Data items
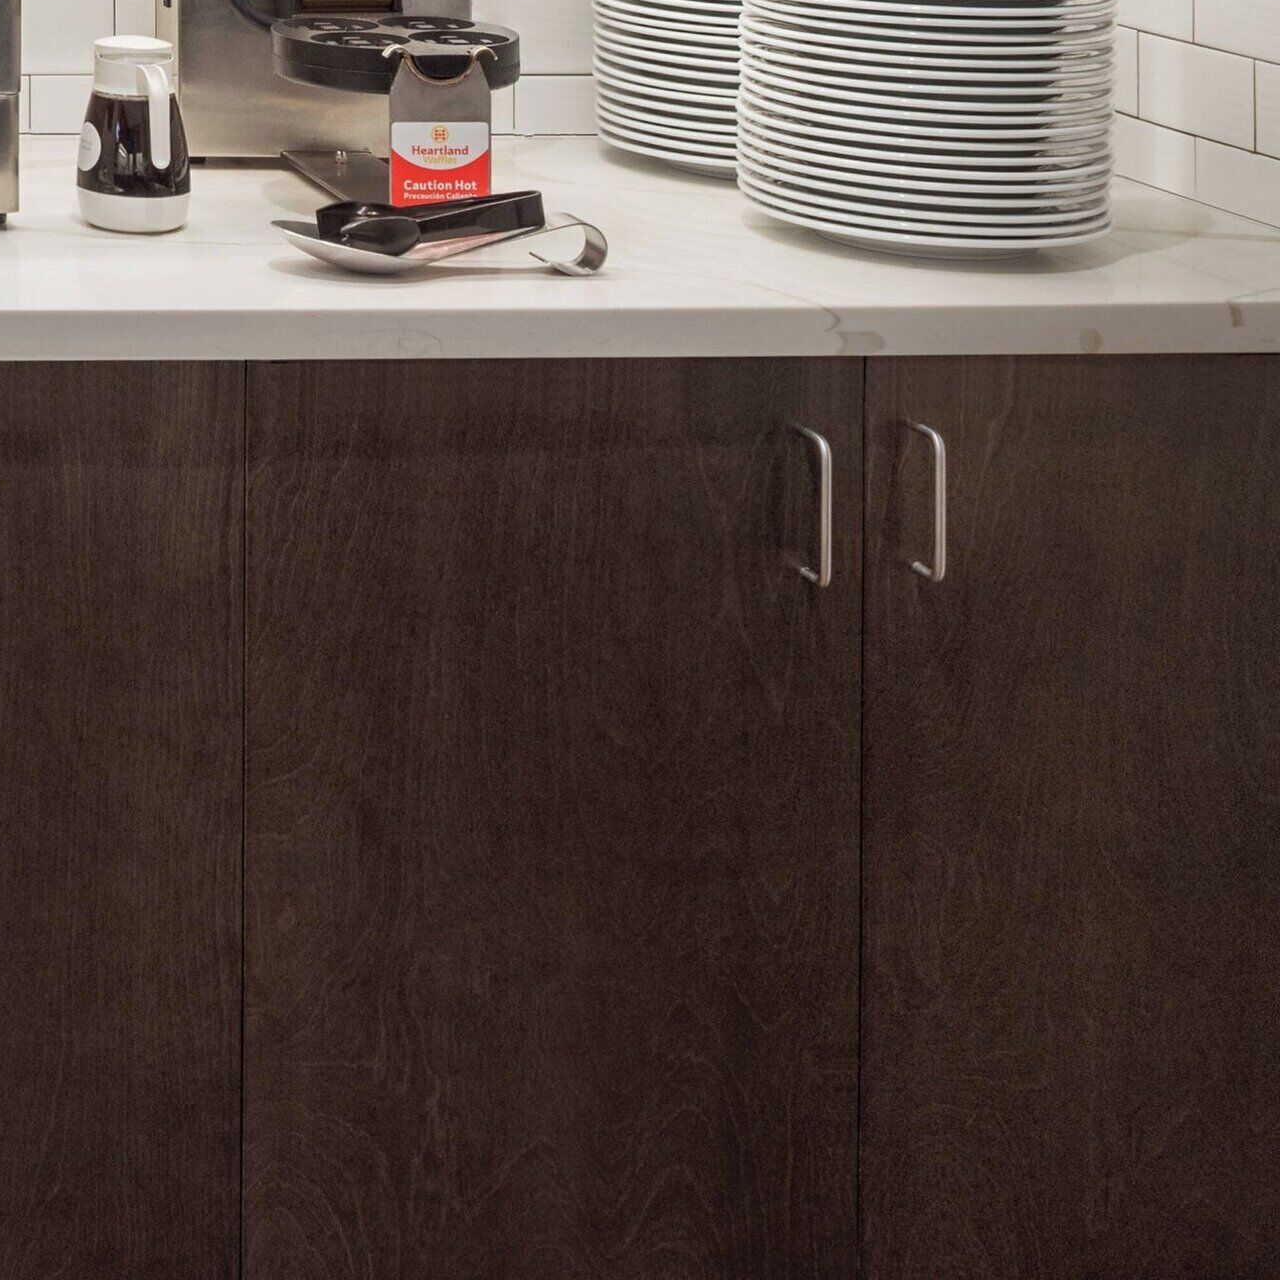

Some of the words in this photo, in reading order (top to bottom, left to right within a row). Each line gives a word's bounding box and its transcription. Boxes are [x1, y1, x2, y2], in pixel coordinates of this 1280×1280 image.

[411, 145, 469, 155] Heartland
[403, 180, 452, 190] Caution
[454, 180, 478, 190] Hot
[403, 192, 445, 200] Precaución
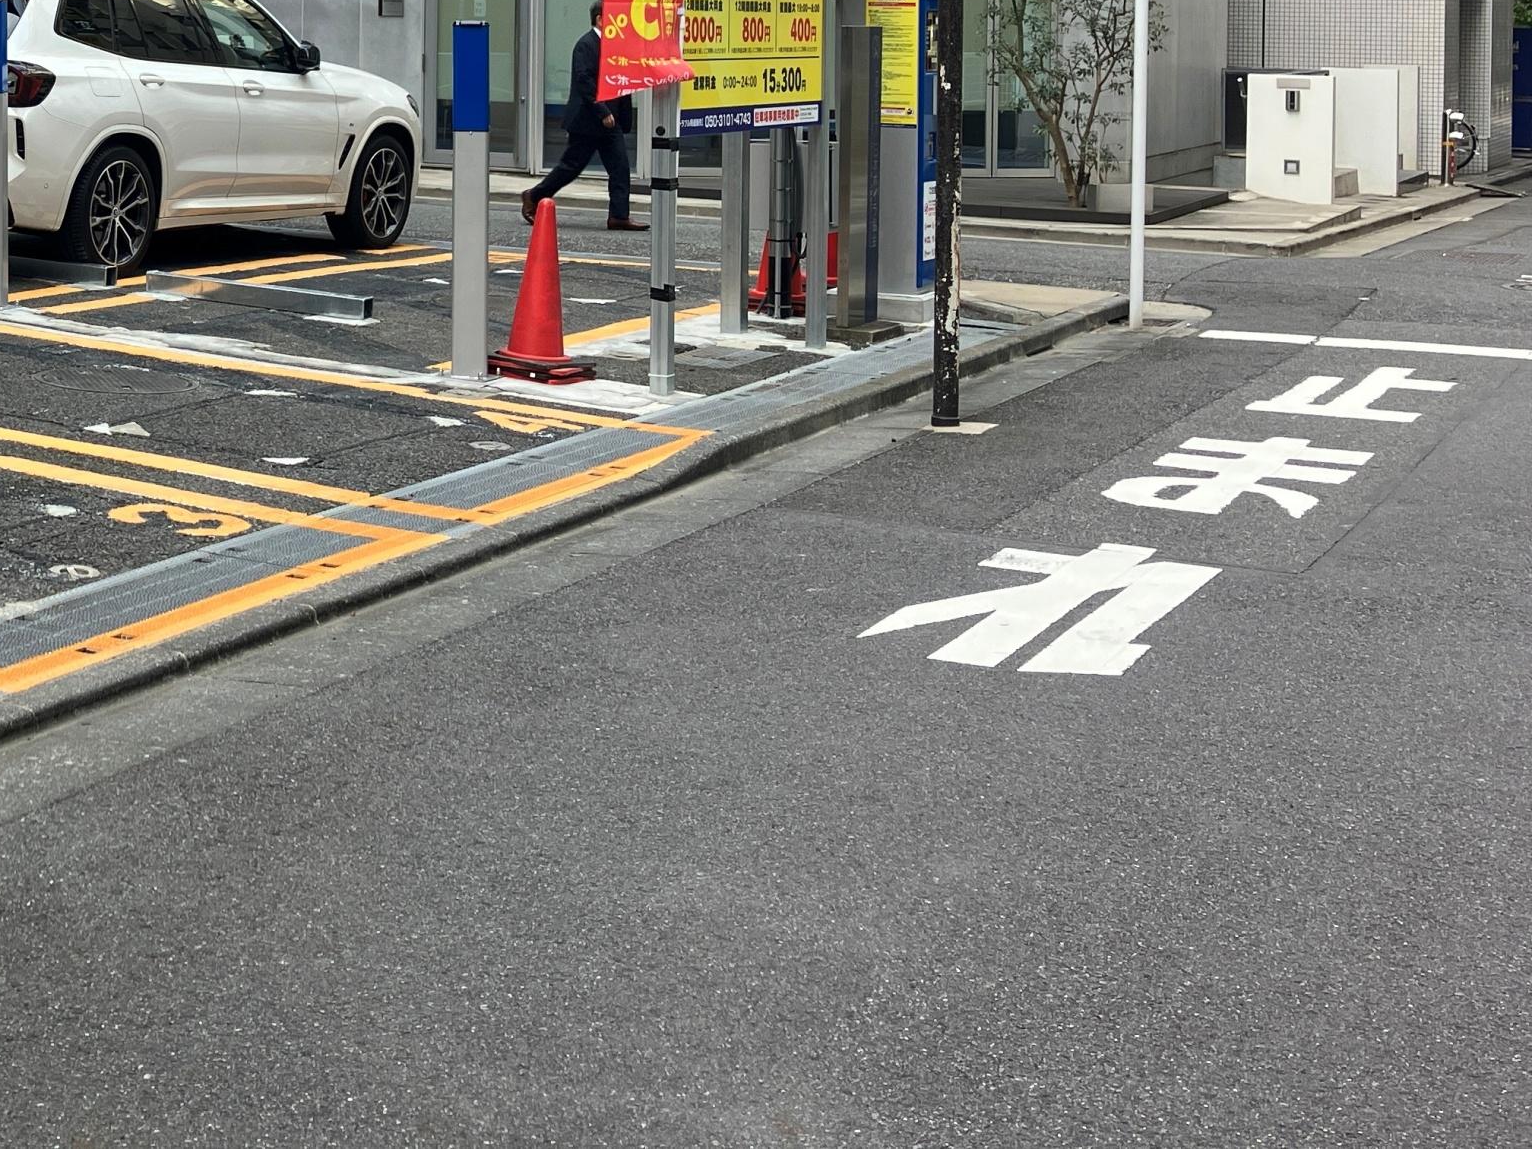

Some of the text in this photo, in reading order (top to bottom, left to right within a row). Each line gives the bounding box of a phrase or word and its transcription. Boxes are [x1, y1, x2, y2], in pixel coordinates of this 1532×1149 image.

[684, 17, 722, 43] 3000円
[743, 17, 771, 43] 800円
[791, 18, 817, 42] 400円
[705, 112, 752, 129] 050-3101-4743
[108, 502, 252, 538] 3
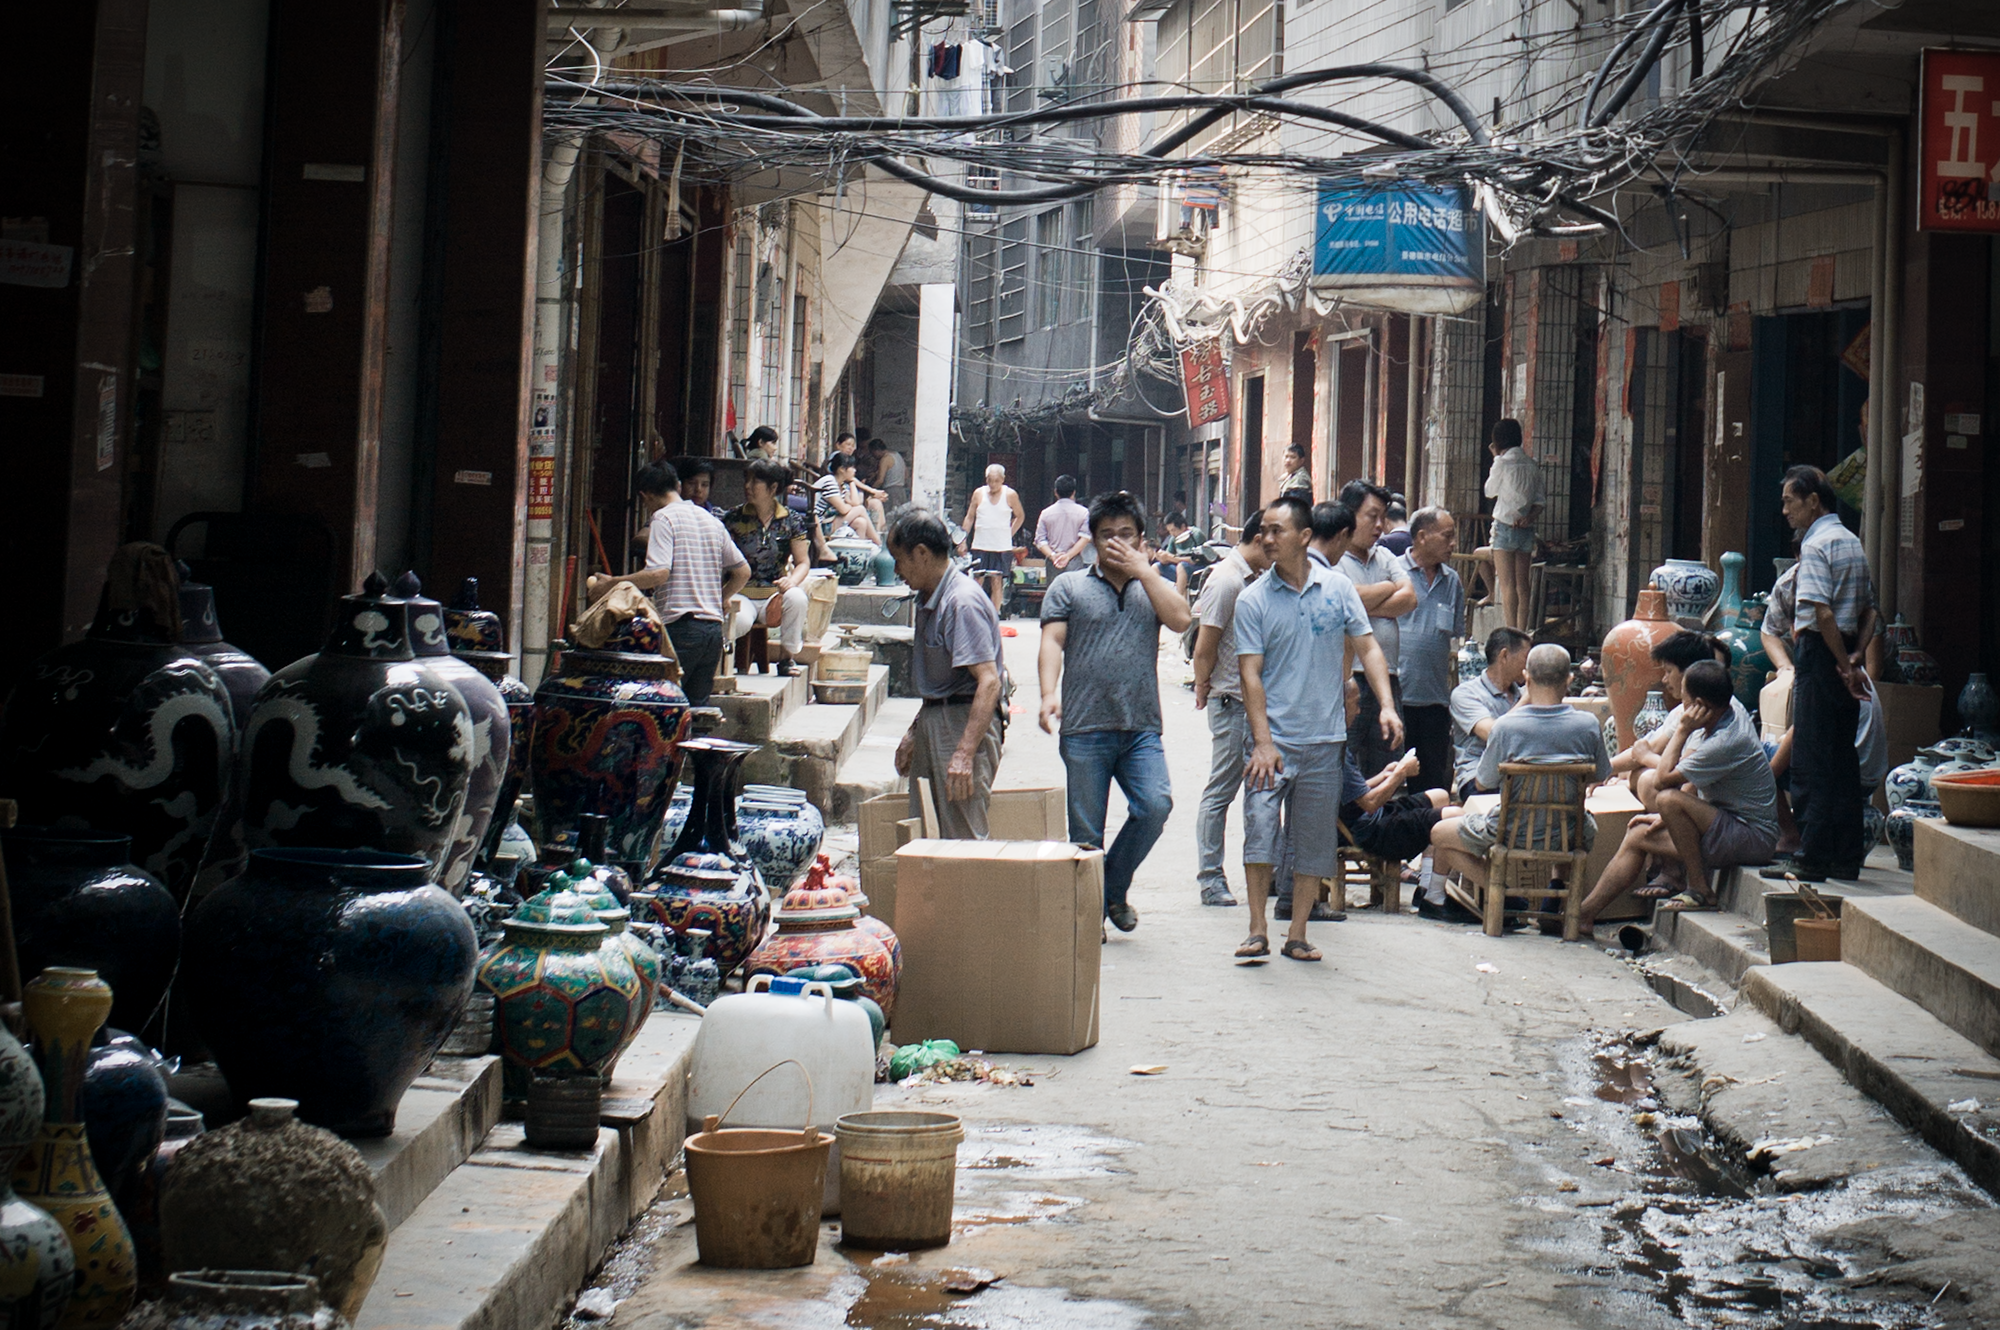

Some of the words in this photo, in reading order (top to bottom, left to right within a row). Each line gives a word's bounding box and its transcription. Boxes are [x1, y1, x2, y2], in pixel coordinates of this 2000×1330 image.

[1937, 75, 2000, 182] 五
[1387, 201, 1479, 232] 公用电话超市
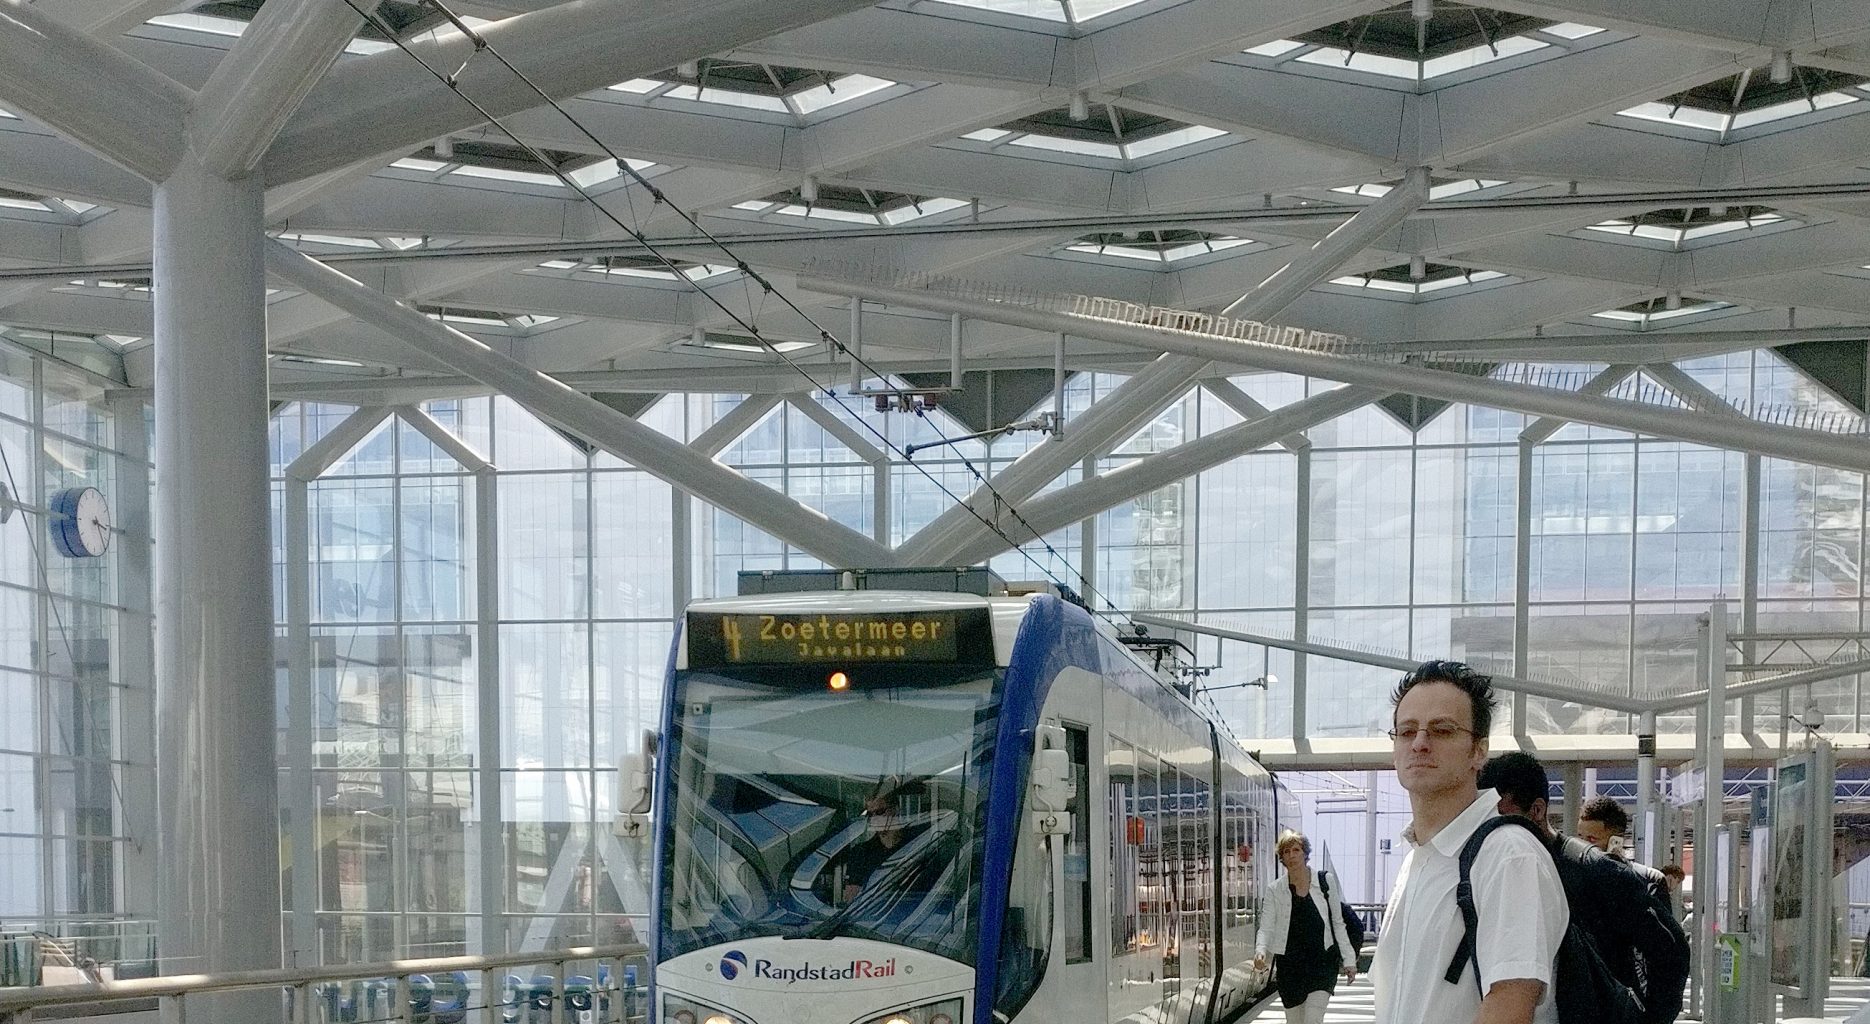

## EXERCISE REQUIREMENTS
Pictures are not part of the copy; transcribe the rest of the data verbatim.

## ANSWER SECTION
Some of the words in this photo, in reading order (top to bottom, left to right within a row). Each line gives a word's bounding box and its transcription. Boxes are [x1, y1, x2, y2], in pixel coordinates of this 1280×1280 image.

[411, 145, 469, 155] Heartland
[403, 180, 452, 190] Caution
[454, 180, 478, 190] Hot
[403, 192, 445, 200] Precaución

Some of the text in this photo, in reading order (top to bottom, left to right within a row). Each line gives the bounding box of a phrase or word and its transcription. Boxes are [x1, y1, x2, y2], in pixel coordinates of this 1532×1149 image.

[684, 17, 722, 43] 3000円
[743, 17, 771, 43] 800円
[791, 18, 817, 42] 400円
[705, 112, 752, 129] 050-3101-4743
[108, 502, 252, 538] 3

Some of the words in this photo, in reading order (top to bottom, left to right within a row). Each line gives a word's bounding box and its transcription. Boxes are [x1, y1, x2, y2], in pixel coordinates of this 2000×1330 image.

[1937, 75, 2000, 182] 五
[1387, 201, 1479, 232] 公用电话超市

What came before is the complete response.